The park was named after former Congressman Dave Hobson in honor of his efforts to acquire the land. It encompasses 14 soccer fields available for tournament play only, according to the county.
Hobson said he’s proud of the economic and tourism impact the tournaments have on the local economy, but the park has veered away from the original intent, he said.
“I guess I was disappointed,” he said. “I thought it would be open to all of the public. The intent, I thought, was that it would be a general-use park and the soccer would enhance the use of the park.”
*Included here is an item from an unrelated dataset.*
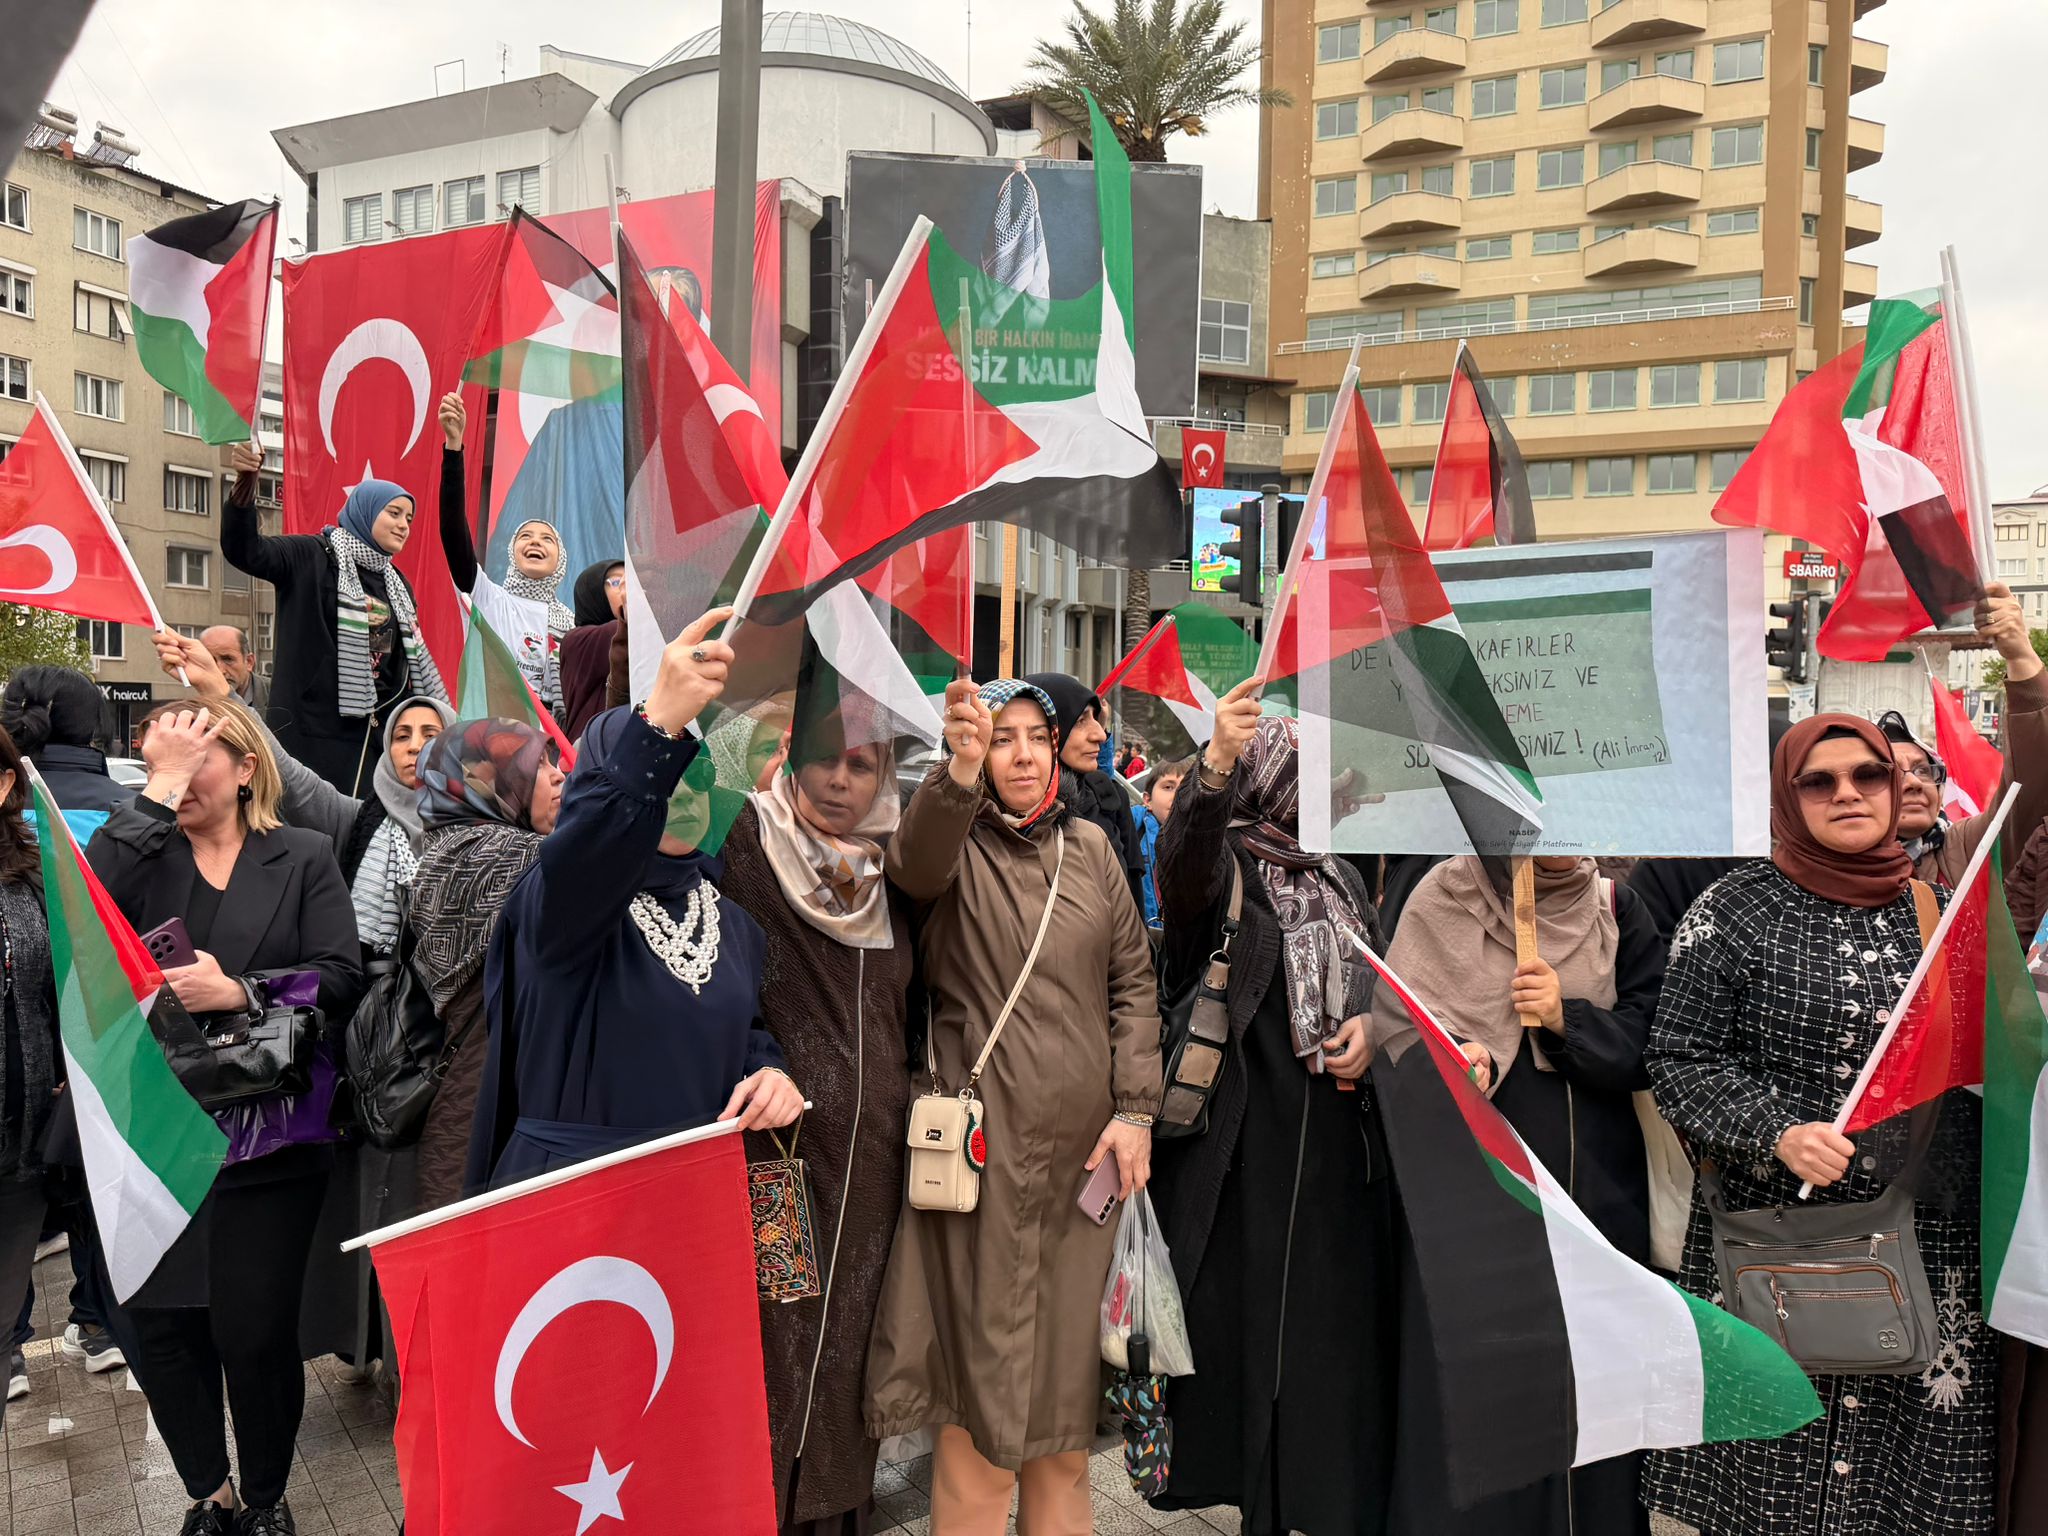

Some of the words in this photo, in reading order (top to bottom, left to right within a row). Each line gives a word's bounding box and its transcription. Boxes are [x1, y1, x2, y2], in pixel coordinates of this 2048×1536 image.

Residents in neighboring subdivisions said the development of the park initially brought excitement to the community, but now point to quality-of-life issues because of excessive noise and traffic from the tournaments.
“When Representative Hobson came and we christened the park, everyone was excited about it,” said Mark Ahles, who lives in the area. “They had some great plans for mixed use. It sounded great so we were eagerly waiting, but we knew funding was limited.”
In 2005, a $250,000 State Capital Improvement Grant was awarded by the Ohio Department of Natural Resources for construction of the complex. Another $100,000 was awarded for additional project costs. Construction of the soccer fields was completed in 2008 at a total cost of $364,000.
Once the park began hosting soccer tournaments in 2010, residents realized they weren’t welcome to use the county land.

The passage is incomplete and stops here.